THEATRE REVIEW: Awful Auntie at The New Brighton Floral Pavilion

David Walliams’ Awful Auntie in New Brighton

Awful Auntie

The New Brighton Floral Pavilion

March 21 – March 24

Auhtor: David Walliams

Director: Neal Foster

Producer: The Birmingham Stage Company

RATING: ****

REVIEWER: Miranda Humphreys-Green

David Walliams seems to be working his way through the family tree with his series of children’s books – Gangsta Granny, Grandpa’s Great Escape and Awful Auntie, an engaging thriller cum ghost story set in the 30s, currently in residence at New Brighton’s Floral Pavilion, directed by Neal Foster.

Stella Saxby awakes after a terrible accident, having apparently broken every bone in her body, to find herself an orphan. Aunt Alberta, accompanied by her Bavarian owl Wagner (a beautiful puppet operated by Roberta Bellekom), is in attendance but does she really have Stella’s best interests at heart? Or is she just out to bag herself the listed Saxby Hall that she believes ought to be hers anyway?

Finding herself a prisoner in her own home, Stella teams up with an unlikely ally – Soot, the ghost of a young chimney sweep. Together they attempt to outwit the awful Alberta (a falsetto-voiced Timothy Speyer in drag) and her murderous intentions. But time is running out because when Stella turns 13, her ability to see and hear Soot will vanish. They have just 3 days left…

Like Granny, Awful Auntie has a number of lessons for us, and not just along the lines of “thou shalt not kill.” Walliams posits the notion that growing up robs us of our ability to engage with the wonderful, as Soot becomes invisible to Stella when she reaches teenagerdom.

At the other end of the spectrum, we see old retainer Gibbon, a wild-haired Richard James, in his second childhood walking the leopard-skin rug and pouring tea into a vase. Clearly suffering from dementia, Stella, and her father before her, treasure him for his past contributions.

And then there’s Alberta. She may well be awful but does Walliams have something to say about primogeniture?

Georgina Leonidas’ Stella is the picture of innocence and exuberance, touched with a little pathos. Exactly as befits a girl with one toe into adolescence but who is essentially still a child. But it is actually the set which is the star of this show.

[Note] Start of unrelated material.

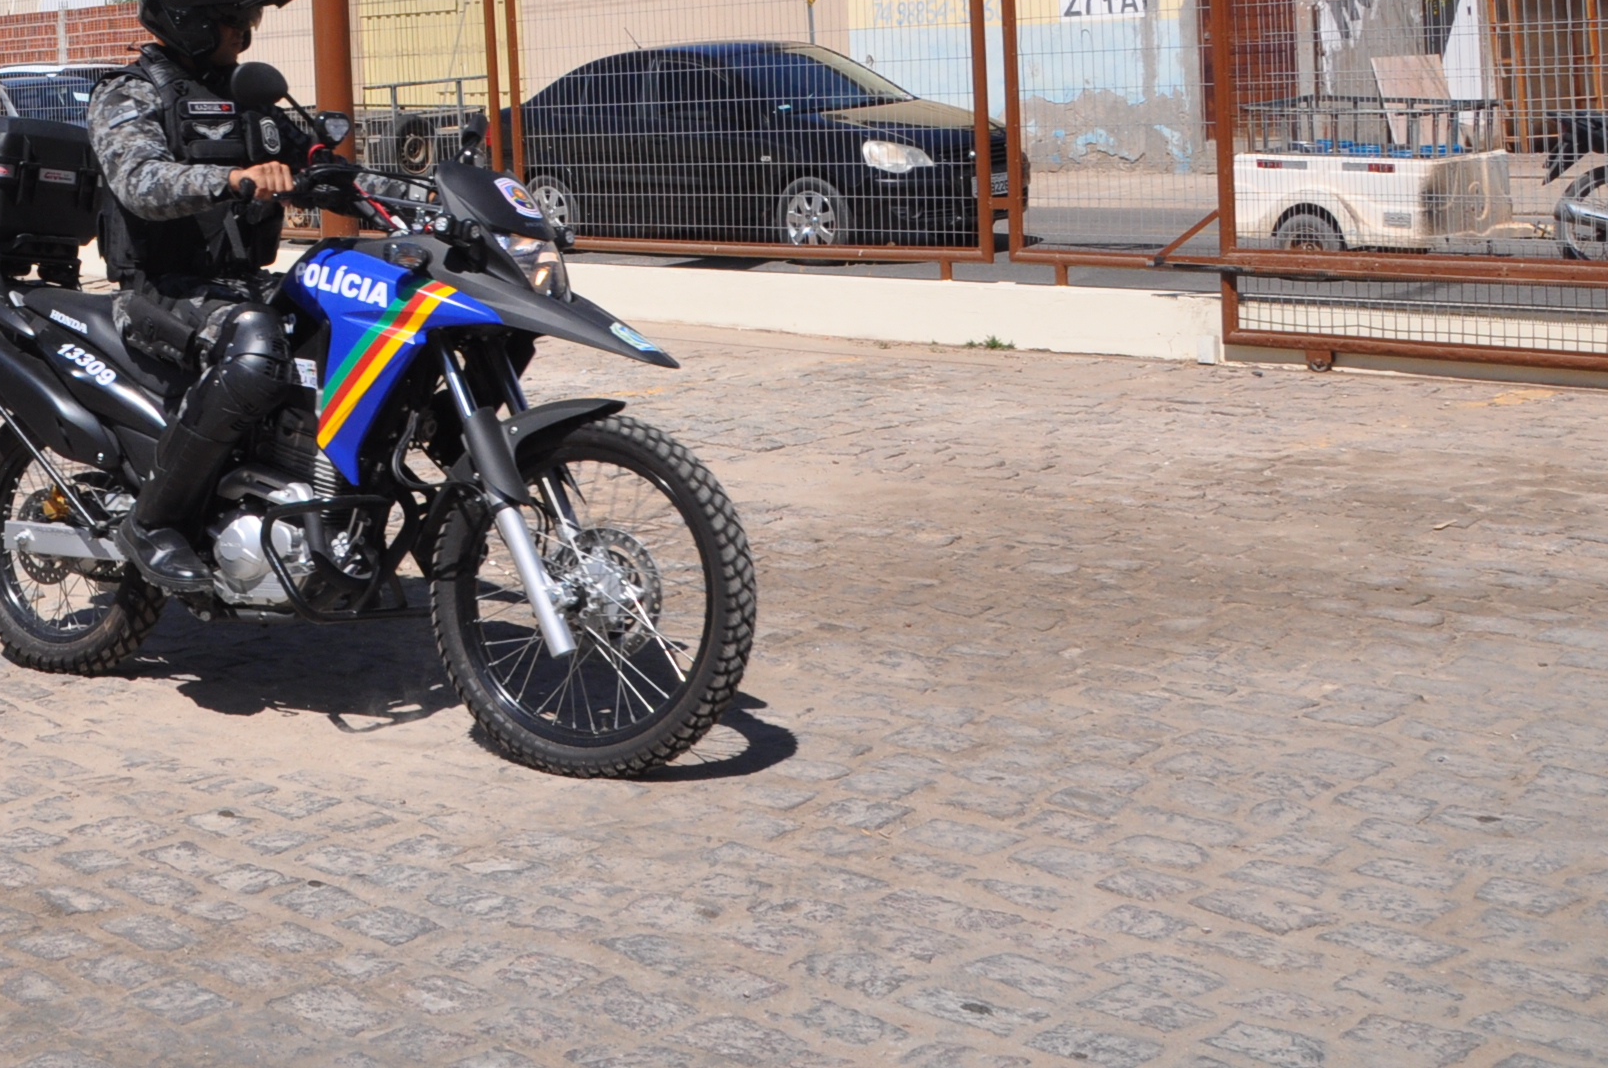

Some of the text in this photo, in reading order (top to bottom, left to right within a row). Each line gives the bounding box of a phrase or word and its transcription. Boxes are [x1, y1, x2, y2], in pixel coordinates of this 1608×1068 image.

[295, 262, 388, 308] POLÍCIA
[50, 309, 88, 334] HONDA
[57, 343, 117, 386] 13309

If you saw Gangsta Granny, also staged by The Birmingham Stage Company, you’d think the design looked familiar. And why not? It worked then as it does now. The challenge for set designer Jacqueline Trousdale, was to create the many rooms and grounds of a mansion on the one stage. To this end, a series of ingeniously multifaceted rotating towers spin about as the action moves from library to coal cellar via the chimney stack.

It really is very clever.

And when the chase moves outside into the large grounds, the characters become represented by puppets. I was waxing lyrical about how this gives the effect of looking down on the protagonists from an upper floor of the house. It took my 11 year old daughter to point out that how else were they going to be able to effect a large child being snatched up by an owl!

Perhaps not quite as funny as some of Walliams’ other works, Awful Auntie is nonetheless a great adventure yarn with some issues to think about woven through.
So, what next for Walliams? Unctuous Uncle? Saucy Sister? Hmm, scrap that. Wrong audience. But whichever Walliams’ work is next adapted for stage, let’s hope it’s by The Birmingham Stage Company with Neal Foster at the wheel.

Awful Auntie is at The New Brighton Floral Pavilion until Saturday March 24, 2018.